Under the hood, Intel’s definition is a division of labour: CPU for responsiveness and orchestration, GPU for high-throughput math/creation, NPU for low-power sustained inference—the always-on stuff that makes assistants truly useful. Add vPro + Core Ultra and you get the fleet controls and long-term stability IT actually needs.
One more practical bit I liked: Intel AI Assistant Builder—a portal to stand up local assistants/agents (with RAG) that can run on the PC fleet first, shrinking time-to-value from months to days/weeks and letting you prove the full E-A-D loop before you scale heavier jobs to edge/cloud.
When the “100M AI PCs by 2026” slide hit the screen, heads tilted from curiosity to calculation. The figures—bullish vendor projections (~100M by 2026; ~80% AI-capable by 2028)—invite a haircut, but the signal is unmistakable: endpoint AI is becoming the default.

WHAT THE PANELLISTS REALLY TAUGHT US
RAKEZ (Free Trade Zone)
Posture: Execution-first. Make AI practical on the shop floor and trustworthy in the back office—governed from day one.
What they drive:
- Diagnostics (OEE baselines, defect maps) + data-readiness scans (MES/ERP) so pilots don’t stall.
- Reference lines/sandboxes where vendors prove accuracy, safety, throughput before purchase.

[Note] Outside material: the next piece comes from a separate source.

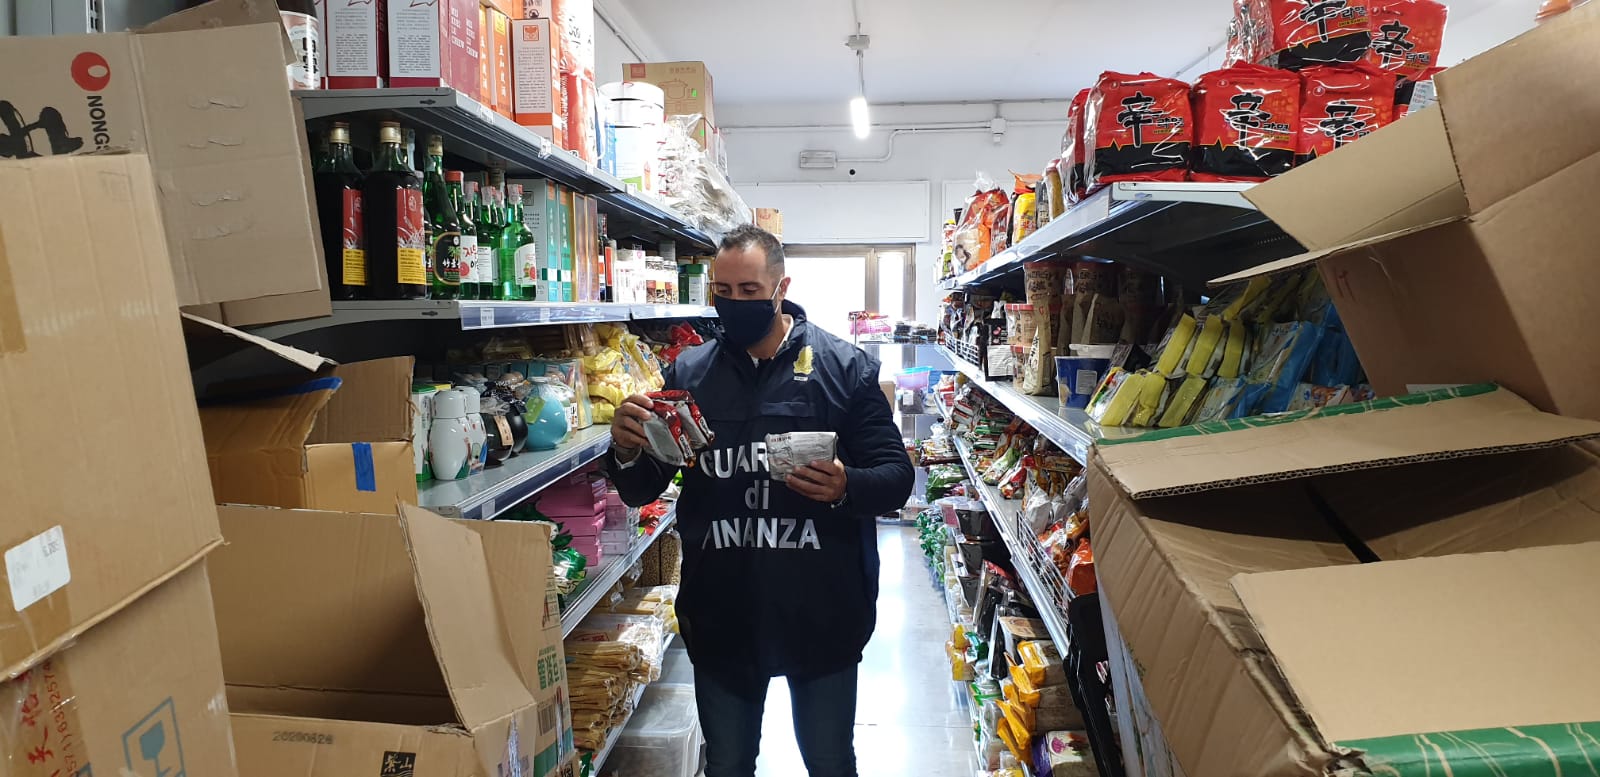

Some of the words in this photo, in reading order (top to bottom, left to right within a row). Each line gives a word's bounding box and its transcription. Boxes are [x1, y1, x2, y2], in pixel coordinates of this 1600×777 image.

- Template playbooks: CV-QC, predictive maintenance, warehouse vision, invoice extraction/3-way match—each with SOPs, KPIs, integration steps.
- Curated vendors + shared services (labelling, model hosting/monitoring, SOC for AI) to reduce MSME cost/complexity.
MSMEs: “Bookkeeping-in-a-box” to clean ledgers and free cash; pre-negotiated PoC packs (fixed price/timeline, acceptance metrics); compliance starter kit (consent, retention, safety, escalation).
Enterprises: Multi-site rollout playbooks, edge + cloud reference architectures (identity-aware RAG, policy-constrained agents), and assurance artifacts (model cards, change control, audit trails).
Outcome lens: OEE ↑, FPY ↑/DPMO ↓, MTBF ↑/MTTR ↓, faster close cycles, fewer incidents—AI that moves the P&L and passes audit.
Note – FPY — First Pass Yield; OEE — Overall Equipment Effectiveness; DPMO — Defects Per Million Opportunities; MTBF — Mean Time Between Failures (repairable systems); MTTR — Mean Time To Repair
Oracle (Consulting / Applications cloud)
Posture: AI belongs inside the workflows where finance, HR, supply chain, and service teams live. Expect talk tracks like: ground answers in your own records (RAG with policy), instrument before/after outcomes, and treat AI features as part of ERP/HCM/CX—not a sidecar chatbot. The ask from buyers: prove the Enter → Analyse → Decide gains in real workflows (FP&A forecasting lift, supplier risk scoring, HR talent match quality).
Zurich Insurance (BFSI)
Posture: AI as a force for good, scaled with governance. Think hundreds of use cases: claims triage, fraud/anomaly detection, internal knowledge bots—human-in-the-loop where stakes are high, and IoT-style prevention to reward good behaviour. The key is measurement: fewer false positives, shorter cycle times, clearer audit trails—and elevated roles, not replaced ones.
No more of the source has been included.